***** Task inputs

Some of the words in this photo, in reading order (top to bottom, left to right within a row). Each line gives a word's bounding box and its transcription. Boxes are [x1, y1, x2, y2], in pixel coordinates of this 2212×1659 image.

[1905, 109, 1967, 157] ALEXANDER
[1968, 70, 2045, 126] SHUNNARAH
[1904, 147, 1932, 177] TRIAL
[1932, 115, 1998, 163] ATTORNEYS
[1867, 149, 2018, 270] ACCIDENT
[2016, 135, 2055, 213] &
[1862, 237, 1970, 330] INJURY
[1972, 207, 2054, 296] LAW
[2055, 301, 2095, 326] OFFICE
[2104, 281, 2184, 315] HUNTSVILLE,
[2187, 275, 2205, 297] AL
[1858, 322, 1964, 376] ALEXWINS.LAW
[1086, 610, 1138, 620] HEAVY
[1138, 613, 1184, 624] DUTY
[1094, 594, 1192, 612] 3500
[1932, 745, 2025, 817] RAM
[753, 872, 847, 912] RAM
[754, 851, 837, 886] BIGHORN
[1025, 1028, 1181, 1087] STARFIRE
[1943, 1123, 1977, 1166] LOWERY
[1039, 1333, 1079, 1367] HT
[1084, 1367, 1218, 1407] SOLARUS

**********

> To do
Retype all of the lines shown above, keeping each one exact.

> Problem solution
Some of the words in this photo, in reading order (top to bottom, left to right within a row). Each line gives a word's bounding box and its transcription. Boxes are [x1, y1, x2, y2], in pixel coordinates of this 2212×1659 image.

[1905, 109, 1967, 157] ALEXANDER
[1968, 70, 2045, 126] SHUNNARAH
[1904, 147, 1932, 177] TRIAL
[1932, 115, 1998, 163] ATTORNEYS
[1867, 149, 2018, 270] ACCIDENT
[2016, 135, 2055, 213] &
[1862, 237, 1970, 330] INJURY
[1972, 207, 2054, 296] LAW
[2055, 301, 2095, 326] OFFICE
[2104, 281, 2184, 315] HUNTSVILLE,
[2187, 275, 2205, 297] AL
[1858, 322, 1964, 376] ALEXWINS.LAW
[1086, 610, 1138, 620] HEAVY
[1138, 613, 1184, 624] DUTY
[1094, 594, 1192, 612] 3500
[1932, 745, 2025, 817] RAM
[753, 872, 847, 912] RAM
[754, 851, 837, 886] BIGHORN
[1025, 1028, 1181, 1087] STARFIRE
[1943, 1123, 1977, 1166] LOWERY
[1039, 1333, 1079, 1367] HT
[1084, 1367, 1218, 1407] SOLARUS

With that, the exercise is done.